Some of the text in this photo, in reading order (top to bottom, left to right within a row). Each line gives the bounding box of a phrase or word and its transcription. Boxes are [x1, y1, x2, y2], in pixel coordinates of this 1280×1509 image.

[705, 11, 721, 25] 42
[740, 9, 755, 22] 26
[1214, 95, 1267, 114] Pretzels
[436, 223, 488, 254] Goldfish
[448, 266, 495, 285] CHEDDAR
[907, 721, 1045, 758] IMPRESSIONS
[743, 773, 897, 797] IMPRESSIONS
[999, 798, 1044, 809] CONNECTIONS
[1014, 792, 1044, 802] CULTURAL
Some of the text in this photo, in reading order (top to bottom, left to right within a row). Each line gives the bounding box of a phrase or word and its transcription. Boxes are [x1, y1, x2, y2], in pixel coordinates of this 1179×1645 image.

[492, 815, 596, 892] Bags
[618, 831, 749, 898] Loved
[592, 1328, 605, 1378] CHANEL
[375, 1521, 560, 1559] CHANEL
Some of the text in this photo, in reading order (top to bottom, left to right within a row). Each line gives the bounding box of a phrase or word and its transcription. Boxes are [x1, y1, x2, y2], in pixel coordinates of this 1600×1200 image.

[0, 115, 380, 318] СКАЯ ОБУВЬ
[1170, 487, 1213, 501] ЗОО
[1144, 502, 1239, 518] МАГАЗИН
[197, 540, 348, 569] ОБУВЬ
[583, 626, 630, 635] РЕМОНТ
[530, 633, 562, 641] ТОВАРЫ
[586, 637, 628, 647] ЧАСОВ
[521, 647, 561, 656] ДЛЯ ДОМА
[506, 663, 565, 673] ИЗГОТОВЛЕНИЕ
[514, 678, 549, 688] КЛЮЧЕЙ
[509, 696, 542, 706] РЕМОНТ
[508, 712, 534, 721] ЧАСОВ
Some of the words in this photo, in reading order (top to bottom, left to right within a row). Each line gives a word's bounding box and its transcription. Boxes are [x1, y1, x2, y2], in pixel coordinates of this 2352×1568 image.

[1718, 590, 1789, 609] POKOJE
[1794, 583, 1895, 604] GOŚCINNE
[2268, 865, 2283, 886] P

**********

== Task instructions ==
Keeping every line exactly as it is, retype the listing.

== Finished exercise ==
Some of the text in this photo, in reading order (top to bottom, left to right within a row). Each line gives the bounding box of a phrase or word and its transcription. Boxes are [x1, y1, x2, y2], in pixel coordinates of this 1280×1509 image.

[705, 11, 721, 25] 42
[740, 9, 755, 22] 26
[1214, 95, 1267, 114] Pretzels
[436, 223, 488, 254] Goldfish
[448, 266, 495, 285] CHEDDAR
[907, 721, 1045, 758] IMPRESSIONS
[743, 773, 897, 797] IMPRESSIONS
[999, 798, 1044, 809] CONNECTIONS
[1014, 792, 1044, 802] CULTURAL
Some of the text in this photo, in reading order (top to bottom, left to right within a row). Each line gives the bounding box of a phrase or word and its transcription. Boxes are [x1, y1, x2, y2], in pixel coordinates of this 1179×1645 image.

[492, 815, 596, 892] Bags
[618, 831, 749, 898] Loved
[592, 1328, 605, 1378] CHANEL
[375, 1521, 560, 1559] CHANEL
Some of the text in this photo, in reading order (top to bottom, left to right within a row). Each line gives the bounding box of a phrase or word and its transcription. Boxes are [x1, y1, x2, y2], in pixel coordinates of this 1600×1200 image.

[0, 115, 380, 318] СКАЯ ОБУВЬ
[1170, 487, 1213, 501] ЗОО
[1144, 502, 1239, 518] МАГАЗИН
[197, 540, 348, 569] ОБУВЬ
[583, 626, 630, 635] РЕМОНТ
[530, 633, 562, 641] ТОВАРЫ
[586, 637, 628, 647] ЧАСОВ
[521, 647, 561, 656] ДЛЯ ДОМА
[506, 663, 565, 673] ИЗГОТОВЛЕНИЕ
[514, 678, 549, 688] КЛЮЧЕЙ
[509, 696, 542, 706] РЕМОНТ
[508, 712, 534, 721] ЧАСОВ
Some of the words in this photo, in reading order (top to bottom, left to right within a row). Each line gives a word's bounding box and its transcription. Boxes are [x1, y1, x2, y2], in pixel coordinates of this 2352×1568 image.

[1718, 590, 1789, 609] POKOJE
[1794, 583, 1895, 604] GOŚCINNE
[2268, 865, 2283, 886] P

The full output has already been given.